AI Underwriting Without Credit Bureaus
Most of the world's credit infrastructure is built on an assumption: the borrower has a credit file. A bureau has their repayment history. A score exists. A lender queries it.
In Nigeria — and across most of sub-Saharan Africa — that assumption breaks for a significant portion of small and medium businesses. They transact in cash or on mobile money. They haven't borrowed from a formal institution before. They're not in any bureau. Their creditworthiness is real, but it's invisible to the standard pipeline.
TrustRail is a BNPL underwriting platform I built for this context. A merchant offers "buy now, pay in instalments" to their business customers. The customer submits a bank statement. TrustRail reads it, produces a trust score, and makes an approval decision. No bureau required.
This article is about the architecture of that pipeline — the data model, the analysis engine, the two-tier LLM integration, and the specific design decisions driven by the Nigerian financial context.
Let's dig in.
The Input Signal
In the absence of a credit bureau, the bank statement is the richest available signal. A 3–6 month statement from a Nigerian bank (GTBank, Access, Zenith, Kuda, OPay, Moniepoint) tells you:
- Income patterns — frequency, amounts, source classifications (salary, business receipts, transfers)

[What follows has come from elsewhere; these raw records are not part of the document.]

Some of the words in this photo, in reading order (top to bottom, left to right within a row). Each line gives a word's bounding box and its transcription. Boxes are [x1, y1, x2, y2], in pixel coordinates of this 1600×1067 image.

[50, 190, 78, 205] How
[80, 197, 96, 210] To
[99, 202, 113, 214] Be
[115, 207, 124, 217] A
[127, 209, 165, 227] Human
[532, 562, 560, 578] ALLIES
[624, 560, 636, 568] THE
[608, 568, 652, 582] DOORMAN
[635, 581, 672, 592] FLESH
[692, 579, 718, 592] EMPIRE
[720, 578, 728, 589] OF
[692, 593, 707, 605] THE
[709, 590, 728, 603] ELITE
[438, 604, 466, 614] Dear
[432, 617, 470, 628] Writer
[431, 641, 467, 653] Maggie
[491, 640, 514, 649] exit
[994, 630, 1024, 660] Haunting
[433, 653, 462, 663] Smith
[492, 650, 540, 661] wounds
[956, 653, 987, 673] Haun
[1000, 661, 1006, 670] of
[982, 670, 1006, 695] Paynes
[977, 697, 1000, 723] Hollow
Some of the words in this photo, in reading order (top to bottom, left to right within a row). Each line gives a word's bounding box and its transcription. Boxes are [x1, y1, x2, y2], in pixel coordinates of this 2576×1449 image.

- Spending behaviour — recurring obligations, loan repayments, utility payments, gambling activity
- Balance health — average balance, minimum balance, whether the account goes negative
- Behavioural signals — bounced transactions, failed direct debits, overdraft usage
- Debt exposure — identifiable loan repayments to lenders like Carbon, FairMoney, PalmCredit, Renmoney
None of these are as clean as a bureau-sourced credit score. But combined, they support a decision with meaningful predictive validity for the specific question being asked: "Can this business afford ₦X per month for the next N months?"
The challenge is that bank statements arrive as PDFs or CSVs in wildly different formats. GTBank's statement looks nothing like Kuda's. OPay's narrations are truncated differently from Access Bank's. A traditional rule-based parser that handles one bank's format doesn't handle another's without significant engineering for each.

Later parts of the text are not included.